WORK REQUIRED:
All of the entries below are to be repeated word for word.

Stored items from a collection
--*--
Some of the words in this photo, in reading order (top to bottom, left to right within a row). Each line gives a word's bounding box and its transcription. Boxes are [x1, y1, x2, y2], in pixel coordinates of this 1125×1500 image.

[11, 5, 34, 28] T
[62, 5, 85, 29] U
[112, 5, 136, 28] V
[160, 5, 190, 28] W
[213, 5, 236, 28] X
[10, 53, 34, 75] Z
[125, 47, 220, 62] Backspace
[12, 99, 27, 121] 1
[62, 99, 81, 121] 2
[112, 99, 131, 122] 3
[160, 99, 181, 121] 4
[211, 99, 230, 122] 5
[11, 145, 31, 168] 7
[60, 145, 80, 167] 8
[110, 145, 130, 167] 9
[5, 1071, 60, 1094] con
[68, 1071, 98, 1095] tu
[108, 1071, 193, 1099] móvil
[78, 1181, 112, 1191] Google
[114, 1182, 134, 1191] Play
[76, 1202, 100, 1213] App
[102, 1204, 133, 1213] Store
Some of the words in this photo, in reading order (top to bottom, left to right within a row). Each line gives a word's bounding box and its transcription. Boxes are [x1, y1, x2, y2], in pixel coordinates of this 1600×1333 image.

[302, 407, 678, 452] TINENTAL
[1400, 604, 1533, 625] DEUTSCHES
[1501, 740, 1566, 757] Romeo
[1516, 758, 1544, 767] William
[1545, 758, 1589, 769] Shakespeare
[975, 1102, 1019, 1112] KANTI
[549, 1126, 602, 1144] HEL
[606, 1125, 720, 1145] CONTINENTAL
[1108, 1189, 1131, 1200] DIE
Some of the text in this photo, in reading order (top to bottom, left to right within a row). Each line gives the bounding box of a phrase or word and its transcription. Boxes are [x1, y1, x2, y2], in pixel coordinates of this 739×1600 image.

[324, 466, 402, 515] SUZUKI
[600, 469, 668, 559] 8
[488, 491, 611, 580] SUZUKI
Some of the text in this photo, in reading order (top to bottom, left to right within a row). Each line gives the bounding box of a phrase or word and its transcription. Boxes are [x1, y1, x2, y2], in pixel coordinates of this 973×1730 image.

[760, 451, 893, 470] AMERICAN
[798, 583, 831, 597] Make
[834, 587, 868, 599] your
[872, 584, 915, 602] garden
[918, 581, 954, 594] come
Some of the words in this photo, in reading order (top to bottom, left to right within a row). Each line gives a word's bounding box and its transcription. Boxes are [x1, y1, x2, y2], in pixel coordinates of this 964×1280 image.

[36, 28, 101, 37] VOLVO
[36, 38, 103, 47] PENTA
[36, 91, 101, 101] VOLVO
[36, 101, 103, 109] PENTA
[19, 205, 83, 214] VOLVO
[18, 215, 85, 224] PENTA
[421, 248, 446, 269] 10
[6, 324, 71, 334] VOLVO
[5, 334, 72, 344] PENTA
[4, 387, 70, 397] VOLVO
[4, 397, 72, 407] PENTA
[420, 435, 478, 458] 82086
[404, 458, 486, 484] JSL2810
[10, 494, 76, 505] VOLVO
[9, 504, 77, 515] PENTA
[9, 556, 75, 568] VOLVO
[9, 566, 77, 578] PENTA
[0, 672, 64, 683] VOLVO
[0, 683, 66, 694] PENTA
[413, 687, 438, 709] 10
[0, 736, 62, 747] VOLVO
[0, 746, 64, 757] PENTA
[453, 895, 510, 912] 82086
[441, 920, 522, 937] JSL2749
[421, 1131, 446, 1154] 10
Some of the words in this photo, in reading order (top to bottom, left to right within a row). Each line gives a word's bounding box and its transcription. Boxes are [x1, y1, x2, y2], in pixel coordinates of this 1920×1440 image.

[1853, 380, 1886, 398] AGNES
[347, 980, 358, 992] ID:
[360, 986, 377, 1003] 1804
--*--
YOUR SOLUTION:
Some of the words in this photo, in reading order (top to bottom, left to right within a row). Each line gives a word's bounding box and its transcription. Boxes are [x1, y1, x2, y2], in pixel coordinates of this 1125×1500 image.

[11, 5, 34, 28] T
[62, 5, 85, 29] U
[112, 5, 136, 28] V
[160, 5, 190, 28] W
[213, 5, 236, 28] X
[10, 53, 34, 75] Z
[125, 47, 220, 62] Backspace
[12, 99, 27, 121] 1
[62, 99, 81, 121] 2
[112, 99, 131, 122] 3
[160, 99, 181, 121] 4
[211, 99, 230, 122] 5
[11, 145, 31, 168] 7
[60, 145, 80, 167] 8
[110, 145, 130, 167] 9
[5, 1071, 60, 1094] con
[68, 1071, 98, 1095] tu
[108, 1071, 193, 1099] móvil
[78, 1181, 112, 1191] Google
[114, 1182, 134, 1191] Play
[76, 1202, 100, 1213] App
[102, 1204, 133, 1213] Store
Some of the words in this photo, in reading order (top to bottom, left to right within a row). Each line gives a word's bounding box and its transcription. Boxes are [x1, y1, x2, y2], in pixel coordinates of this 1600×1333 image.

[302, 407, 678, 452] TINENTAL
[1400, 604, 1533, 625] DEUTSCHES
[1501, 740, 1566, 757] Romeo
[1516, 758, 1544, 767] William
[1545, 758, 1589, 769] Shakespeare
[975, 1102, 1019, 1112] KANTI
[549, 1126, 602, 1144] HEL
[606, 1125, 720, 1145] CONTINENTAL
[1108, 1189, 1131, 1200] DIE
Some of the text in this photo, in reading order (top to bottom, left to right within a row). Each line gives the bounding box of a phrase or word and its transcription. Boxes are [x1, y1, x2, y2], in pixel coordinates of this 739×1600 image.

[324, 466, 402, 515] SUZUKI
[600, 469, 668, 559] 8
[488, 491, 611, 580] SUZUKI
Some of the text in this photo, in reading order (top to bottom, left to right within a row). Each line gives the bounding box of a phrase or word and its transcription. Boxes are [x1, y1, x2, y2], in pixel coordinates of this 973×1730 image.

[760, 451, 893, 470] AMERICAN
[798, 583, 831, 597] Make
[834, 587, 868, 599] your
[872, 584, 915, 602] garden
[918, 581, 954, 594] come
Some of the words in this photo, in reading order (top to bottom, left to right within a row). Each line gives a word's bounding box and its transcription. Boxes are [x1, y1, x2, y2], in pixel coordinates of this 964×1280 image.

[36, 28, 101, 37] VOLVO
[36, 38, 103, 47] PENTA
[36, 91, 101, 101] VOLVO
[36, 101, 103, 109] PENTA
[19, 205, 83, 214] VOLVO
[18, 215, 85, 224] PENTA
[421, 248, 446, 269] 10
[6, 324, 71, 334] VOLVO
[5, 334, 72, 344] PENTA
[4, 387, 70, 397] VOLVO
[4, 397, 72, 407] PENTA
[420, 435, 478, 458] 82086
[404, 458, 486, 484] JSL2810
[10, 494, 76, 505] VOLVO
[9, 504, 77, 515] PENTA
[9, 556, 75, 568] VOLVO
[9, 566, 77, 578] PENTA
[0, 672, 64, 683] VOLVO
[0, 683, 66, 694] PENTA
[413, 687, 438, 709] 10
[0, 736, 62, 747] VOLVO
[0, 746, 64, 757] PENTA
[453, 895, 510, 912] 82086
[441, 920, 522, 937] JSL2749
[421, 1131, 446, 1154] 10
Some of the words in this photo, in reading order (top to bottom, left to right within a row). Each line gives a word's bounding box and its transcription. Boxes are [x1, y1, x2, y2], in pixel coordinates of this 1920×1440 image.

[1853, 380, 1886, 398] AGNES
[347, 980, 358, 992] ID:
[360, 986, 377, 1003] 1804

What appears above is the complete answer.